(Task instructions): Extract each line of the data and write it out again exactly.

════════

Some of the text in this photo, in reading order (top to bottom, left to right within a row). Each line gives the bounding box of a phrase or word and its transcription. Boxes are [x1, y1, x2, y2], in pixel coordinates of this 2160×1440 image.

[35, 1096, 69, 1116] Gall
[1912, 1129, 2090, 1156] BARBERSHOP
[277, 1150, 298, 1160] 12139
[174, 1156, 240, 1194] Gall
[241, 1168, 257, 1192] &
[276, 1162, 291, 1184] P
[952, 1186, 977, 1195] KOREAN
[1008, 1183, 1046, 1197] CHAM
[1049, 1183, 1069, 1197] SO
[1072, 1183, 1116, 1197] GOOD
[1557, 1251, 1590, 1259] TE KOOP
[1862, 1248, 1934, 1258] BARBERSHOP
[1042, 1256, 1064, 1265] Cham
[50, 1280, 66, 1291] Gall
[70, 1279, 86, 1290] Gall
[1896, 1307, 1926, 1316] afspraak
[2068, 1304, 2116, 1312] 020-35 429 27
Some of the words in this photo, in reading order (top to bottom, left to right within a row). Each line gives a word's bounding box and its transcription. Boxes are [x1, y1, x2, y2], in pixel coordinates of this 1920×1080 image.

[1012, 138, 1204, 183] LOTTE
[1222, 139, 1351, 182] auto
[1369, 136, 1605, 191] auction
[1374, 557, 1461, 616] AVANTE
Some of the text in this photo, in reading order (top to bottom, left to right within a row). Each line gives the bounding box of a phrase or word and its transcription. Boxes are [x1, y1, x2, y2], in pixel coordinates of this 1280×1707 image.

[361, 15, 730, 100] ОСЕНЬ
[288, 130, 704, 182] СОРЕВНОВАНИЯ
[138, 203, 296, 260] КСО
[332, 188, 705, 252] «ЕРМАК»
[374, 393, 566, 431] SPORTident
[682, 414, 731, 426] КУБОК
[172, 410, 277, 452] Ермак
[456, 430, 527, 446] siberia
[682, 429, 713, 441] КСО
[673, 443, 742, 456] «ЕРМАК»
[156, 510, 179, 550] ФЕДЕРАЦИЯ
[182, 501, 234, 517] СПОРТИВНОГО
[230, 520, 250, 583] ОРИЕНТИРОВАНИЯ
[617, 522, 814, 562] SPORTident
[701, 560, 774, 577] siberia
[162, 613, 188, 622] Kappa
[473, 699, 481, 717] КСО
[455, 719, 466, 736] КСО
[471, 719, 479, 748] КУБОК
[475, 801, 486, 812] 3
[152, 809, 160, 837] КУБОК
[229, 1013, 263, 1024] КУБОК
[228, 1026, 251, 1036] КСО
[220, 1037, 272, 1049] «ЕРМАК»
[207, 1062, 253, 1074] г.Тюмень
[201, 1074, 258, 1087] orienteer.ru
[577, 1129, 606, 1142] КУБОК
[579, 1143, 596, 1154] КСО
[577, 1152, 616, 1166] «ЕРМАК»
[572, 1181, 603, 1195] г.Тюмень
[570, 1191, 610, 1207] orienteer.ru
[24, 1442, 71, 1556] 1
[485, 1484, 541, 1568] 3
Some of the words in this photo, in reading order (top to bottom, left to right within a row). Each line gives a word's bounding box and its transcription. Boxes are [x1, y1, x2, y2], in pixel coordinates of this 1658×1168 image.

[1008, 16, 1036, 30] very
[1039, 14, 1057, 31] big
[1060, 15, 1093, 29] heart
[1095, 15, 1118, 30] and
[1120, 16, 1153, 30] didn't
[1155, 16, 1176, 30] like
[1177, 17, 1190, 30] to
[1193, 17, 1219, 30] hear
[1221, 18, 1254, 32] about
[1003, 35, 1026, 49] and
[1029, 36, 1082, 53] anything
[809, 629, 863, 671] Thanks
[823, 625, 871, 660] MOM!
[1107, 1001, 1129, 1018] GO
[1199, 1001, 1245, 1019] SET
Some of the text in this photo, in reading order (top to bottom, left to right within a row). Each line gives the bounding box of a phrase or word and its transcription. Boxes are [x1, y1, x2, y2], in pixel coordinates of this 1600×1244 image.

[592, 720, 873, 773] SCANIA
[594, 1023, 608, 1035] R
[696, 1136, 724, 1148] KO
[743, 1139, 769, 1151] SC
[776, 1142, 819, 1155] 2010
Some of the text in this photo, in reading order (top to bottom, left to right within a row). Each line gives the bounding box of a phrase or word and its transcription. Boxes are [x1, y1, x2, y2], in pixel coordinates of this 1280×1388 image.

════════

(Worked solution):
Some of the text in this photo, in reading order (top to bottom, left to right within a row). Each line gives the bounding box of a phrase or word and its transcription. Boxes are [x1, y1, x2, y2], in pixel coordinates of this 2160×1440 image.

[35, 1096, 69, 1116] Gall
[1912, 1129, 2090, 1156] BARBERSHOP
[277, 1150, 298, 1160] 12139
[174, 1156, 240, 1194] Gall
[241, 1168, 257, 1192] &
[276, 1162, 291, 1184] P
[952, 1186, 977, 1195] KOREAN
[1008, 1183, 1046, 1197] CHAM
[1049, 1183, 1069, 1197] SO
[1072, 1183, 1116, 1197] GOOD
[1557, 1251, 1590, 1259] TE KOOP
[1862, 1248, 1934, 1258] BARBERSHOP
[1042, 1256, 1064, 1265] Cham
[50, 1280, 66, 1291] Gall
[70, 1279, 86, 1290] Gall
[1896, 1307, 1926, 1316] afspraak
[2068, 1304, 2116, 1312] 020-35 429 27
Some of the words in this photo, in reading order (top to bottom, left to right within a row). Each line gives a word's bounding box and its transcription. Boxes are [x1, y1, x2, y2], in pixel coordinates of this 1920×1080 image.

[1012, 138, 1204, 183] LOTTE
[1222, 139, 1351, 182] auto
[1369, 136, 1605, 191] auction
[1374, 557, 1461, 616] AVANTE
Some of the text in this photo, in reading order (top to bottom, left to right within a row). Each line gives the bounding box of a phrase or word and its transcription. Boxes are [x1, y1, x2, y2], in pixel coordinates of this 1280×1707 image.

[361, 15, 730, 100] ОСЕНЬ
[288, 130, 704, 182] СОРЕВНОВАНИЯ
[138, 203, 296, 260] КСО
[332, 188, 705, 252] «ЕРМАК»
[374, 393, 566, 431] SPORTident
[682, 414, 731, 426] КУБОК
[172, 410, 277, 452] Ермак
[456, 430, 527, 446] siberia
[682, 429, 713, 441] КСО
[673, 443, 742, 456] «ЕРМАК»
[156, 510, 179, 550] ФЕДЕРАЦИЯ
[182, 501, 234, 517] СПОРТИВНОГО
[230, 520, 250, 583] ОРИЕНТИРОВАНИЯ
[617, 522, 814, 562] SPORTident
[701, 560, 774, 577] siberia
[162, 613, 188, 622] Kappa
[473, 699, 481, 717] КСО
[455, 719, 466, 736] КСО
[471, 719, 479, 748] КУБОК
[475, 801, 486, 812] 3
[152, 809, 160, 837] КУБОК
[229, 1013, 263, 1024] КУБОК
[228, 1026, 251, 1036] КСО
[220, 1037, 272, 1049] «ЕРМАК»
[207, 1062, 253, 1074] г.Тюмень
[201, 1074, 258, 1087] orienteer.ru
[577, 1129, 606, 1142] КУБОК
[579, 1143, 596, 1154] КСО
[577, 1152, 616, 1166] «ЕРМАК»
[572, 1181, 603, 1195] г.Тюмень
[570, 1191, 610, 1207] orienteer.ru
[24, 1442, 71, 1556] 1
[485, 1484, 541, 1568] 3
Some of the words in this photo, in reading order (top to bottom, left to right within a row). Each line gives a word's bounding box and its transcription. Boxes are [x1, y1, x2, y2], in pixel coordinates of this 1658×1168 image.

[1008, 16, 1036, 30] very
[1039, 14, 1057, 31] big
[1060, 15, 1093, 29] heart
[1095, 15, 1118, 30] and
[1120, 16, 1153, 30] didn't
[1155, 16, 1176, 30] like
[1177, 17, 1190, 30] to
[1193, 17, 1219, 30] hear
[1221, 18, 1254, 32] about
[1003, 35, 1026, 49] and
[1029, 36, 1082, 53] anything
[809, 629, 863, 671] Thanks
[823, 625, 871, 660] MOM!
[1107, 1001, 1129, 1018] GO
[1199, 1001, 1245, 1019] SET
Some of the text in this photo, in reading order (top to bottom, left to right within a row). Each line gives the bounding box of a phrase or word and its transcription. Boxes are [x1, y1, x2, y2], in pixel coordinates of this 1600×1244 image.

[592, 720, 873, 773] SCANIA
[594, 1023, 608, 1035] R
[696, 1136, 724, 1148] KO
[743, 1139, 769, 1151] SC
[776, 1142, 819, 1155] 2010
Some of the text in this photo, in reading order (top to bottom, left to right within a row). Each line gives the bounding box of a phrase or word and its transcription. Boxes are [x1, y1, x2, y2], in pixel coordinates of this 1280×1388 image.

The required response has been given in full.